Exercise aim:
Make an exact copy of the records, with the images left out.

Task material:
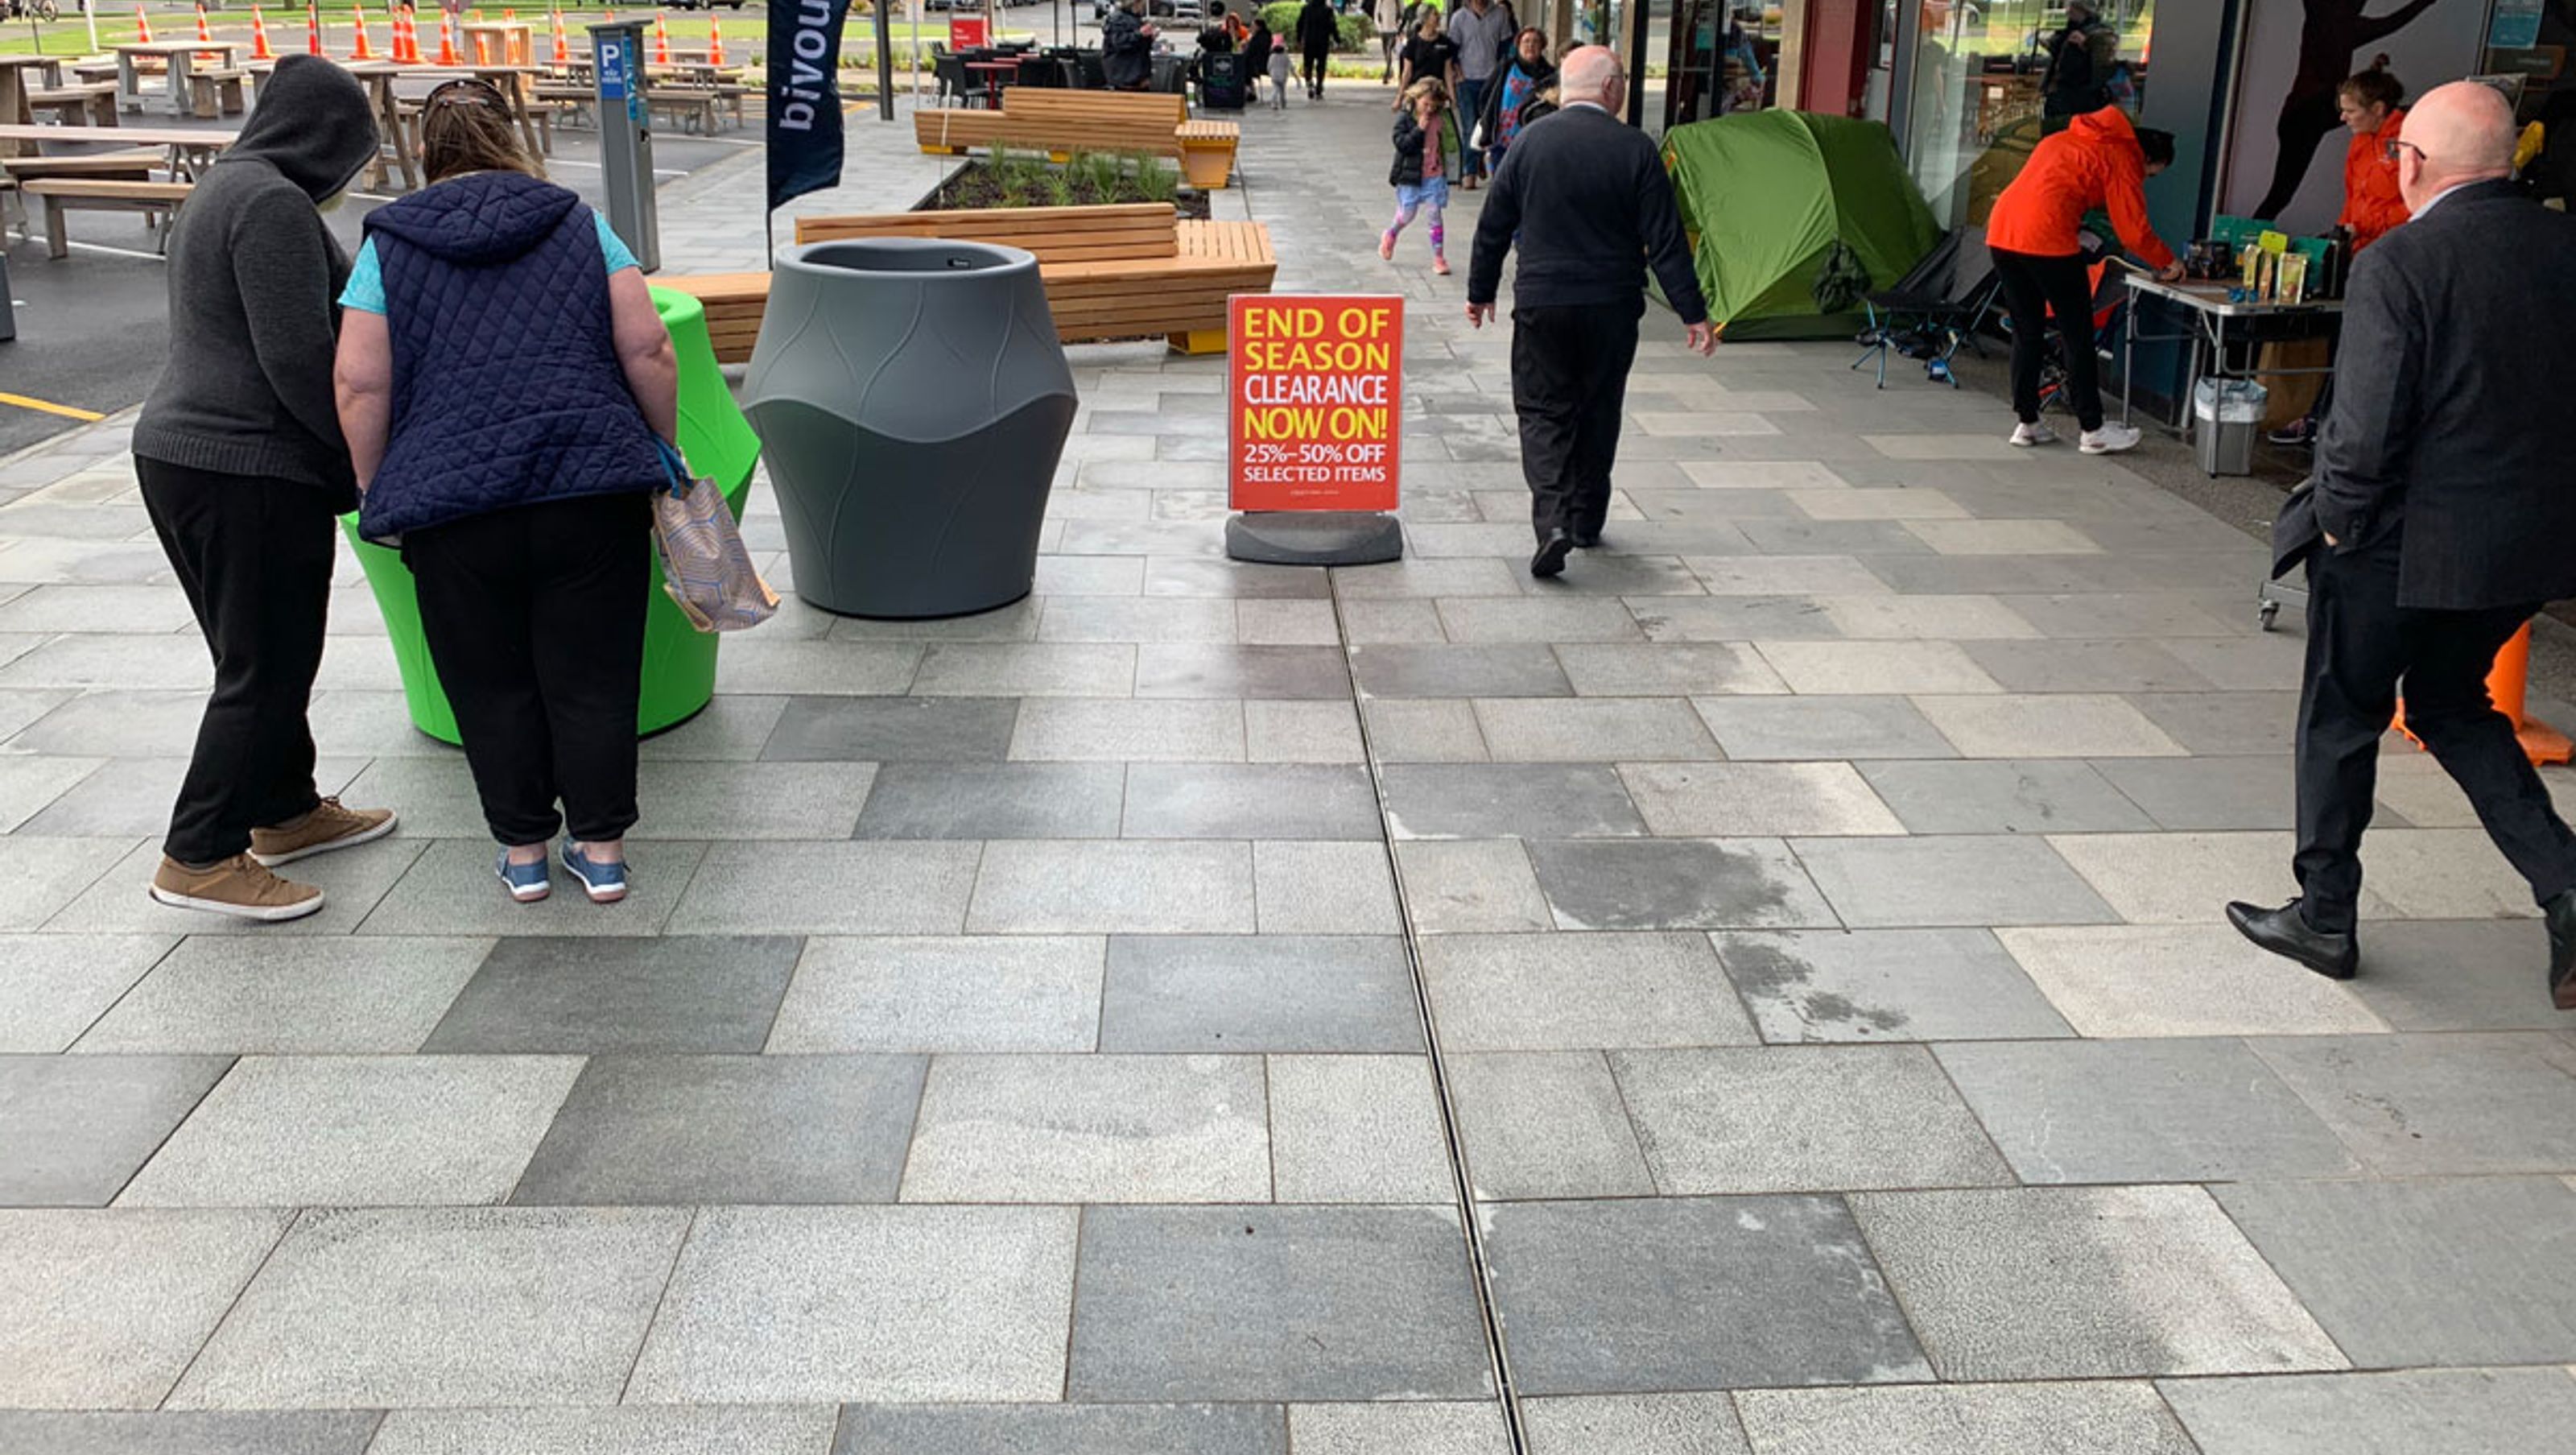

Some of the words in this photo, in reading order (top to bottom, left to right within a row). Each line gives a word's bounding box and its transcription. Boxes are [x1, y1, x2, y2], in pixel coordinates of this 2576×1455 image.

[601, 44, 620, 68] P
[1245, 308, 1324, 337] END
[1338, 308, 1390, 338] OF
[1245, 341, 1389, 370] SEASON
[1245, 375, 1387, 404] CLEARANCE
[1244, 407, 1324, 439] NOW
[1330, 407, 1387, 439] ON!
[1346, 444, 1386, 463] OFF
[1244, 466, 1330, 482] SELECTED
[1335, 466, 1386, 482] ITEMS

Answer to this task:
Some of the words in this photo, in reading order (top to bottom, left to right within a row). Each line gives a word's bounding box and its transcription. Boxes are [x1, y1, x2, y2], in pixel coordinates of this 2576×1455 image.

[601, 44, 620, 68] P
[1245, 308, 1324, 337] END
[1338, 308, 1390, 338] OF
[1245, 341, 1389, 370] SEASON
[1245, 375, 1387, 404] CLEARANCE
[1244, 407, 1324, 439] NOW
[1330, 407, 1387, 439] ON!
[1346, 444, 1386, 463] OFF
[1244, 466, 1330, 482] SELECTED
[1335, 466, 1386, 482] ITEMS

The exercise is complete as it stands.